Re: [PATCH 1/2] Isolation groups
From: David Gibson
Date: Thu Mar 15 2012 - 23:45:33 EST
On Thu, Mar 15, 2012 at 02:15:01PM -0600, Alex Williamson wrote:
> On Wed, 2012-03-14 at 20:58 +1100, David Gibson wrote:
> > On Tue, Mar 13, 2012 at 10:49:47AM -0600, Alex Williamson wrote:
> > > On Wed, 2012-03-14 at 01:33 +1100, David Gibson wrote:
> > > > On Mon, Mar 12, 2012 at 04:32:54PM -0600, Alex Williamson wrote:
> > > > > +/*
> > > > > + * Add a device to an isolation group. Isolation groups start empty and
> > > > > + * must be told about the devices they contain. Expect this to be called
> > > > > + * from isolation group providers via notifier.
> > > > > + */
> > > >
> > > > Doesn't necessarily have to be from a notifier, particularly if the
> > > > provider is integrated into host bridge code.
> > >
> > > Sure, a provider could do this on it's own if it wants. This just
> > > provides some infrastructure for a common path. Also note that this
> > > helps to eliminate all the #ifdef CONFIG_ISOLATION in the provider. Yet
> > > to be seen whether that can reasonably be the case once isolation groups
> > > are added to streaming DMA paths.
> >
> > Right, but other than the #ifdef safety, which could be achieved more
> > simply, I'm not seeing what benefit the infrastructure provides over
> > directly calling the bus notifier function. The infrastructure groups
> > the notifiers by bus type internally, but AFAICT exactly one bus
> > notifier call would become exactly one isolation notifier call, and
> > the notifier callback itself would be almost identical.
>
> I guess I don't see this as a fundamental design point of the proposal,
> it's just a convenient way to initialize groups as a side-band addition
> until isolation groups become a more fundamental part of the iommu
> infrastructure. If you want to do that level of integration in your
> provider, do it and make the callbacks w/o the notifier. If nobody ends
> up using them, we'll remove them. Maybe it will just end up being a
> bootstrap. In the typical case, yes, one bus notifier is one isolation
> notifier. It does however also allow one bus notifier to become
> multiple isolation notifiers, and includes some filtering that would
> just be duplicated if every provider decided to implement their own bus
> notifier.
Uh.. I didn't notice any filtering? That's why I'm asking.

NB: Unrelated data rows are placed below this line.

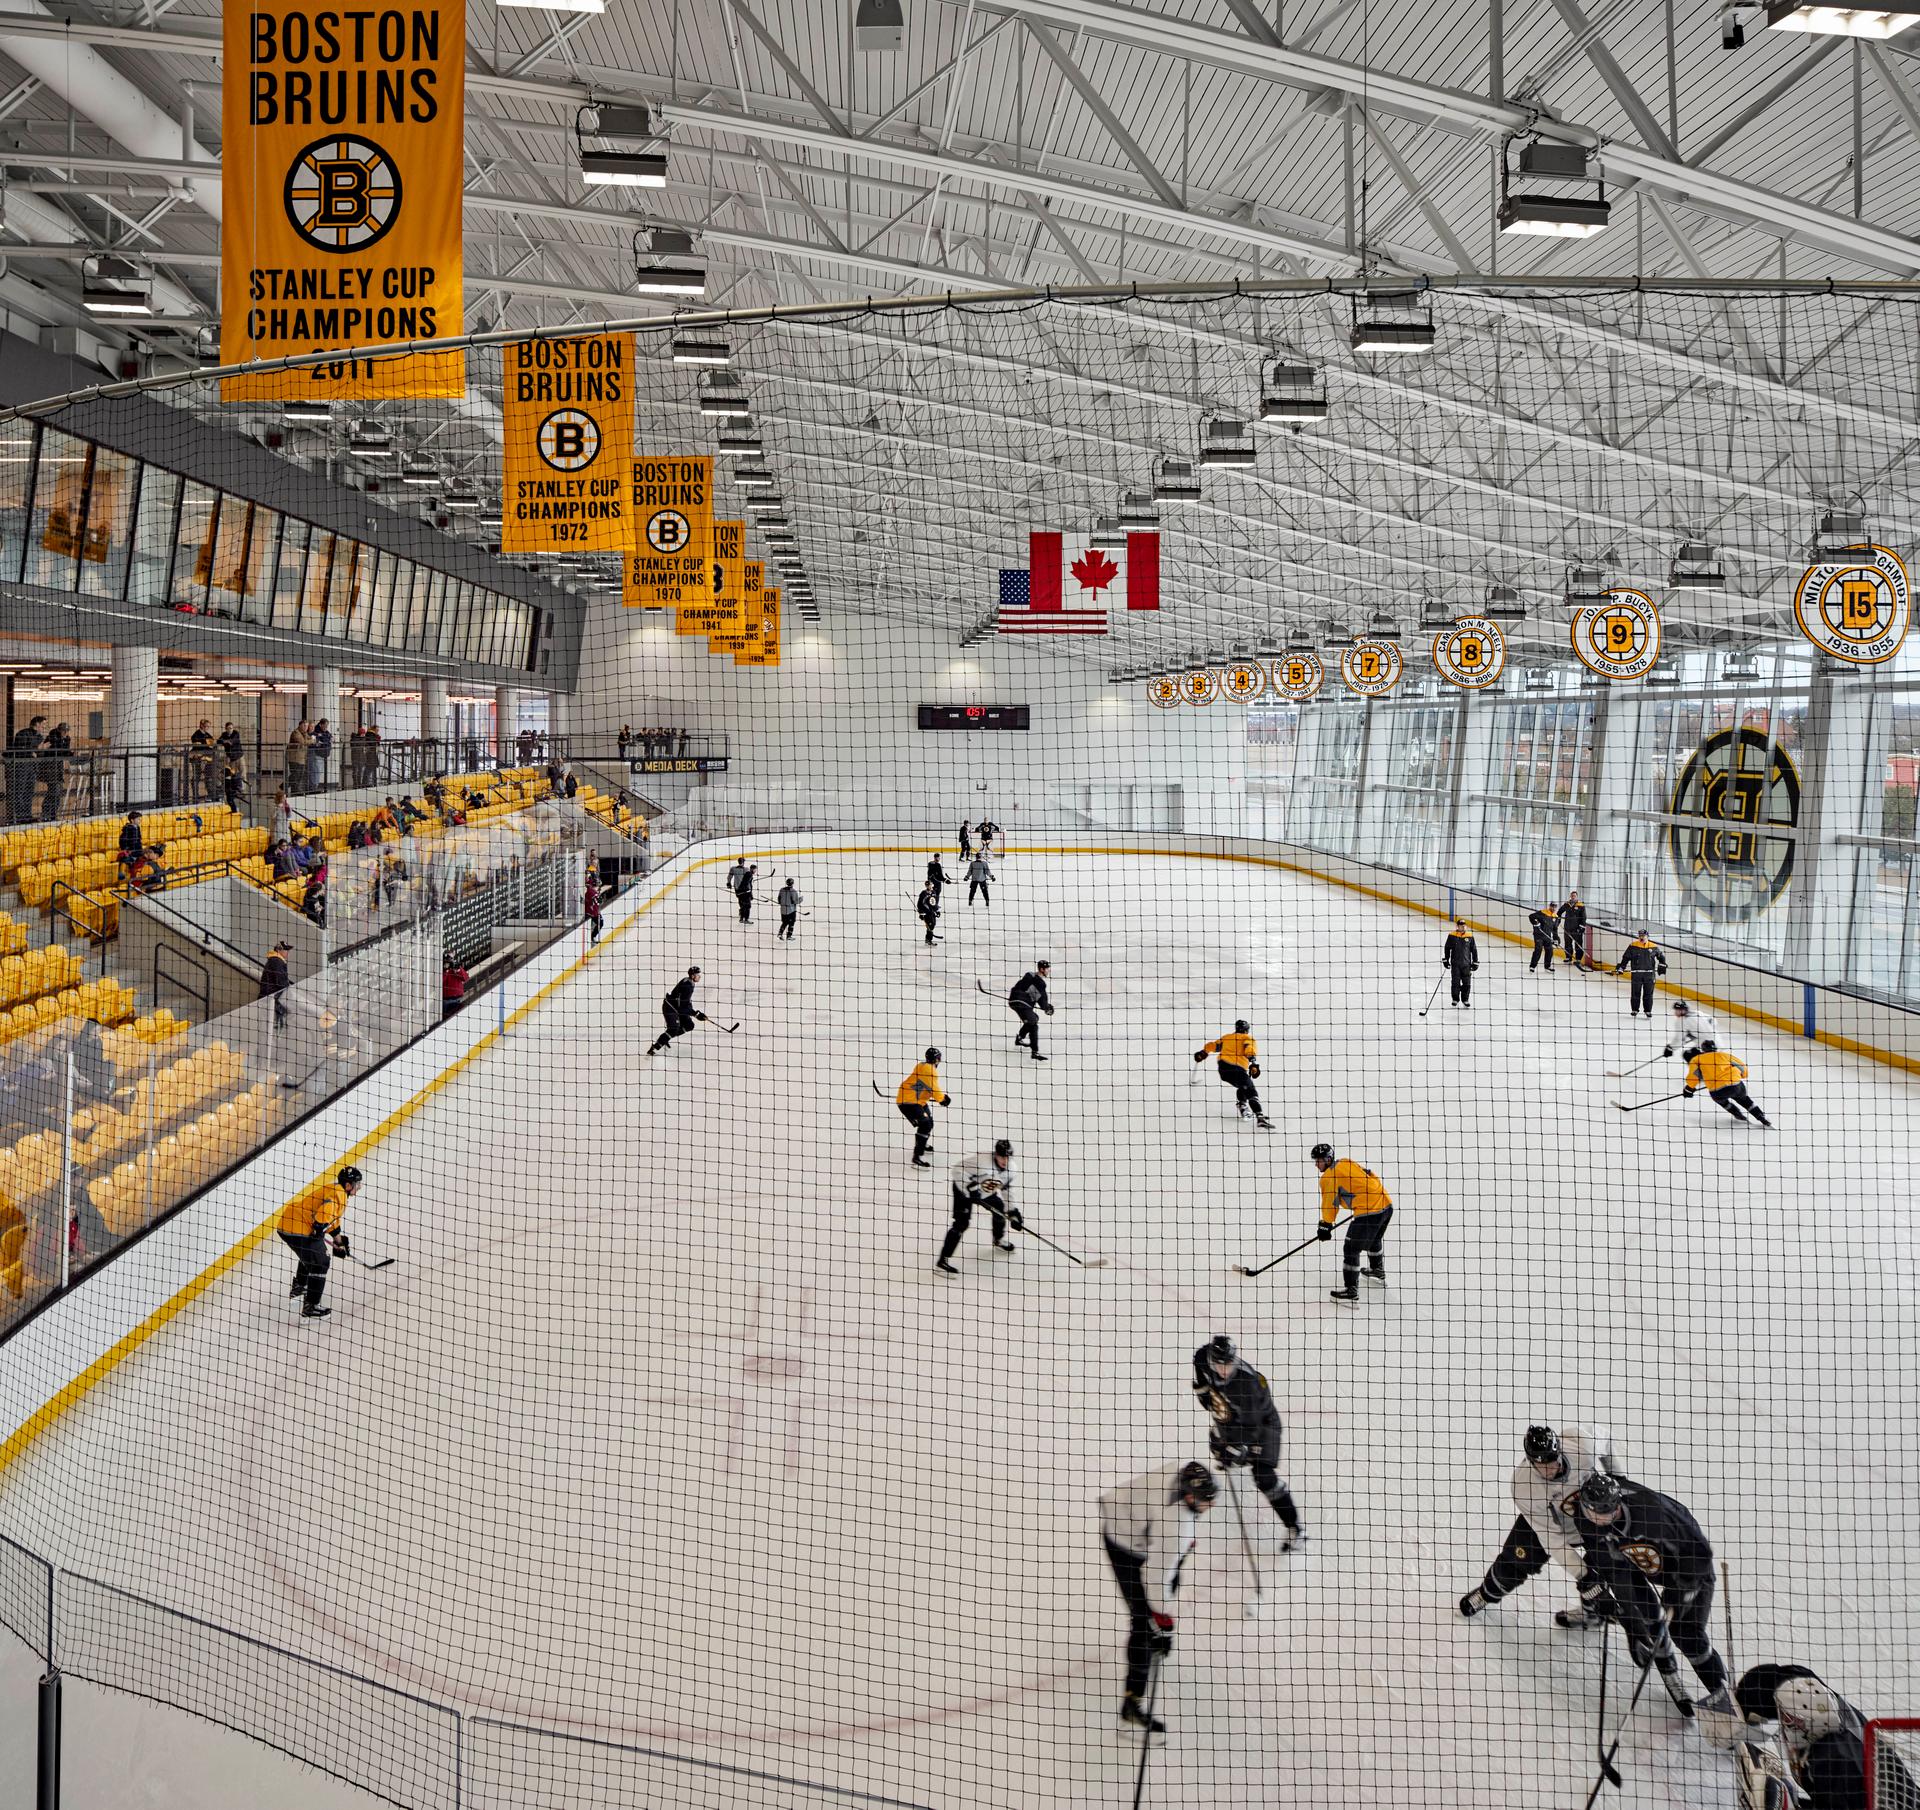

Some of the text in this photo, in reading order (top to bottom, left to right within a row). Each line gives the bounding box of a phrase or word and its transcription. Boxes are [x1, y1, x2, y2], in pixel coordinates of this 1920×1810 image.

[250, 10, 438, 64] BOSTON
[250, 68, 437, 125] BRUINS
[250, 267, 435, 301] STANLEY CUP
[247, 306, 437, 340] CHAMPIONS
[518, 340, 621, 368] BOSTON
[518, 371, 621, 402] BRUINS
[555, 422, 585, 457] B
[633, 462, 704, 482] BOSTON
[518, 479, 619, 498] STANLEY CUP
[633, 484, 704, 505] BRUINS
[517, 501, 621, 520] CHAMPIONS
[550, 523, 588, 541] 1972
[658, 519, 679, 544] B
[713, 526, 738, 542] TON
[714, 542, 738, 559] INS
[633, 558, 703, 570] STANLEY CUP
[632, 572, 704, 586] CHAMPIONS
[1805, 556, 1906, 606] MILTO CHMIDT
[655, 587, 682, 600] 1970
[722, 598, 737, 608] CUP
[1625, 594, 1654, 622] BUCYK
[1849, 591, 1871, 618] 15
[683, 609, 738, 619] CHAMPIONS
[701, 621, 721, 631] 1941
[1612, 624, 1627, 645] 9
[729, 641, 745, 650] 1939
[1438, 620, 1474, 653] CAMRON
[1487, 627, 1502, 653] NEELY
[1465, 644, 1477, 661] 8
[1365, 657, 1375, 671] 7
[1237, 674, 1246, 686] 4
[1292, 667, 1301, 680] 5
[1162, 685, 1170, 695] 2
[1195, 680, 1203, 691] 3
[644, 761, 673, 772] MEDIA
[675, 760, 698, 771] DECK
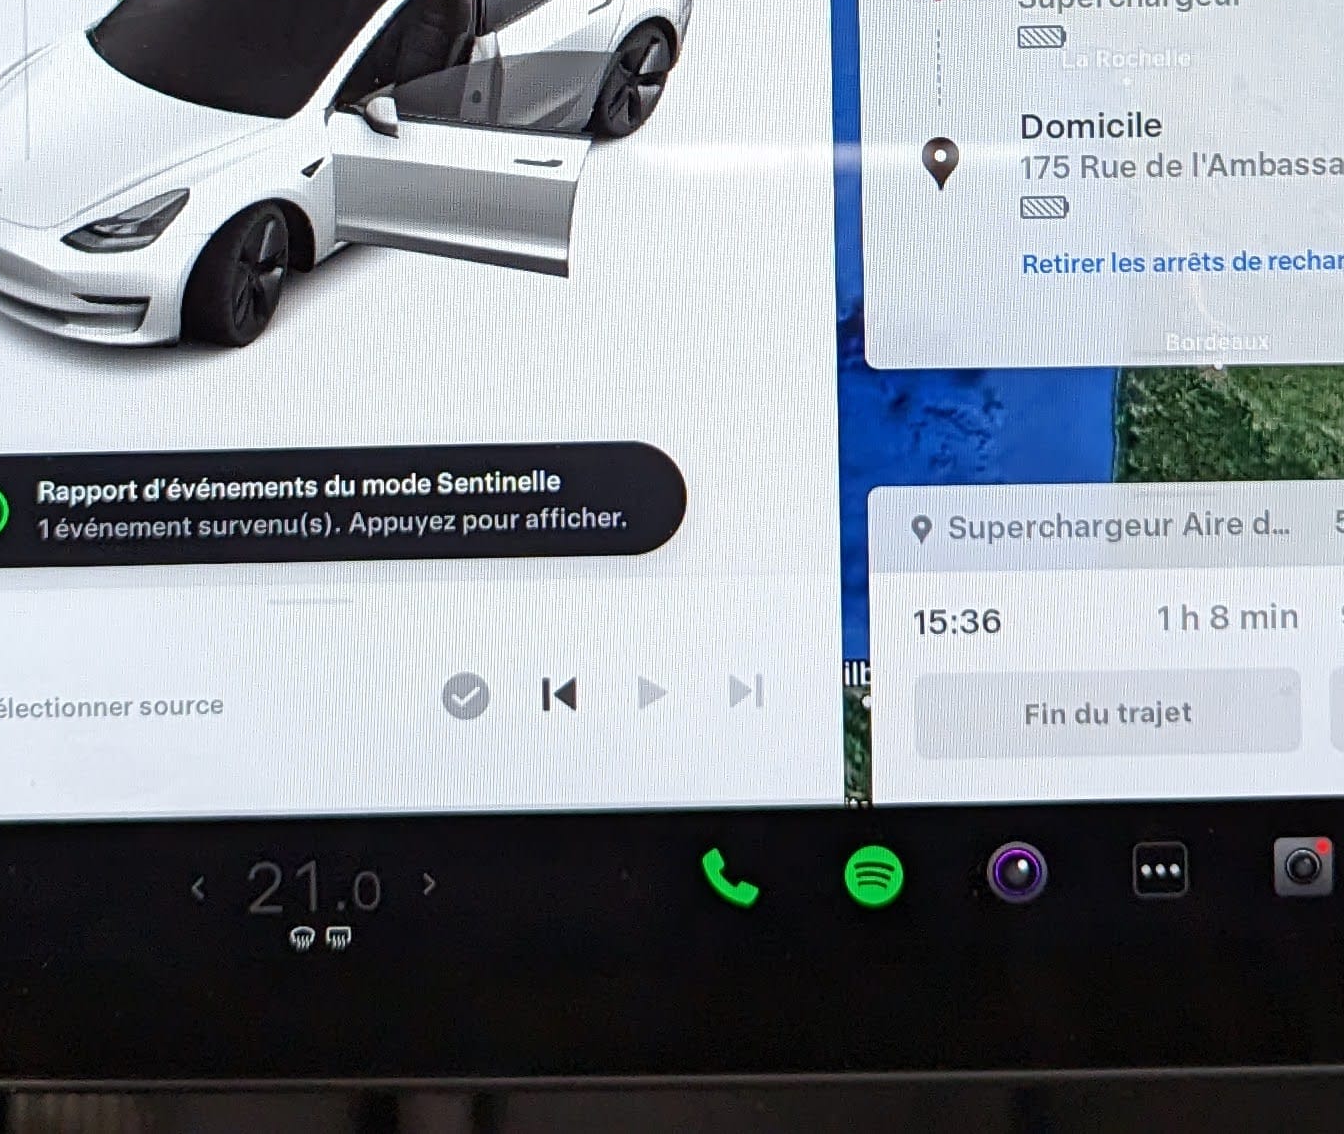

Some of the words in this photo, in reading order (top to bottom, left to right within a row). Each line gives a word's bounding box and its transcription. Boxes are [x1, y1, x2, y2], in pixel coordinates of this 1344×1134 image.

[1020, 111, 1163, 141] Domicile
[1020, 154, 1071, 181] 175
[1080, 153, 1138, 180] Rue
[1145, 152, 1184, 179] de
[1022, 251, 1104, 275] Retirer
[1111, 250, 1146, 275] les
[1152, 249, 1225, 274] arrêts
[1231, 248, 1262, 273] de
[1164, 332, 1270, 353] Bordeaux
[36, 479, 138, 508] Rapport
[142, 476, 319, 502] d'événements
[324, 473, 356, 498] du
[362, 472, 432, 496] mode
[437, 469, 562, 494] Sentinelle
[54, 516, 192, 539] événement
[198, 511, 342, 537] survenu(s).
[348, 510, 457, 537] Appuyez
[462, 512, 521, 536] pour
[525, 506, 628, 529] afficher.
[949, 511, 1173, 545] Superchargeur
[1182, 510, 1245, 538] Aire
[912, 608, 1002, 636] 15:36
[1157, 605, 1170, 632] 1
[1182, 604, 1200, 631] h
[1210, 604, 1230, 631] 8
[1239, 603, 1299, 631] min
[139, 696, 225, 717] source
[1024, 701, 1066, 726] Fin
[1074, 700, 1109, 726] du
[1116, 698, 1194, 732] trajet
[246, 859, 383, 915] 21.0

> > > > > +int isolation_group_add_dev(struct isolation_group *group, struct device *dev)
> > > > > +{
> > > > > + struct isolation_device *device;
> > > > > + int ret = 0;
> > > > > +
> > > > > + mutex_lock(&isolation_lock);
> > > > > +
> > > > > + if (dev->isolation_group) {
> > > > > + ret = -EBUSY;
> > > > > + goto out;
> > > >
> > > > This should probably be a BUG_ON() - the isolation provider shouldn't
> > > > be putting the same device into two different groups.
> > >
> > > Yeah, probably.
> > >
> > > > > + }
> > > > > +
> > > > > + device = kzalloc(sizeof(*device), GFP_KERNEL);
> > > > > + if (!device) {
> > > > > + ret = -ENOMEM;
> > > > > + goto out;
> > > > > + }
> > > > > +
> > > > > + device->dev = dev;
> > > > > +
> > > > > + /* Cross link the device in sysfs */
> > > > > + ret = sysfs_create_link(&dev->kobj, &group->kobj,
> > > > > + "isolation_group");
> > > > > + if (ret) {
> > > > > + kfree(device);
> > > > > + goto out;
> > > > > + }
> > > > > +
> > > > > + ret = sysfs_create_link(group->devices_kobj, &dev->kobj,
> > > > > + kobject_name(&dev->kobj));
> > > >
> > > > So, a problem both here and in my version is what to name the device
> > > > links. Because they could be potentially be quite widely scattered,
> > > > I'm not sure that kobject_name() is guaranteed to be sufficiently
> > > > unique.
> > >
> > > Even if the name is not, we're pointing to a unique sysfs location. I
> > > expect the primary user of this will be when userspace translates a
> > > device to a group (via the isolation_group link below), then tries to
> > > walk all the devices in the group to determine effected host devices and
> > > manager driver status. So it would probably be traversing the link back
> > > rather than relying solely on the name of the link. Right?
> >
> > Yes, but if we get a duplicate kobject_name() we could get duplicate
> > link names within the same directory so we're still in trouble. We
> > could replace the names with just an index number.
>
> This seems exceptionally unlikely, doesn't it?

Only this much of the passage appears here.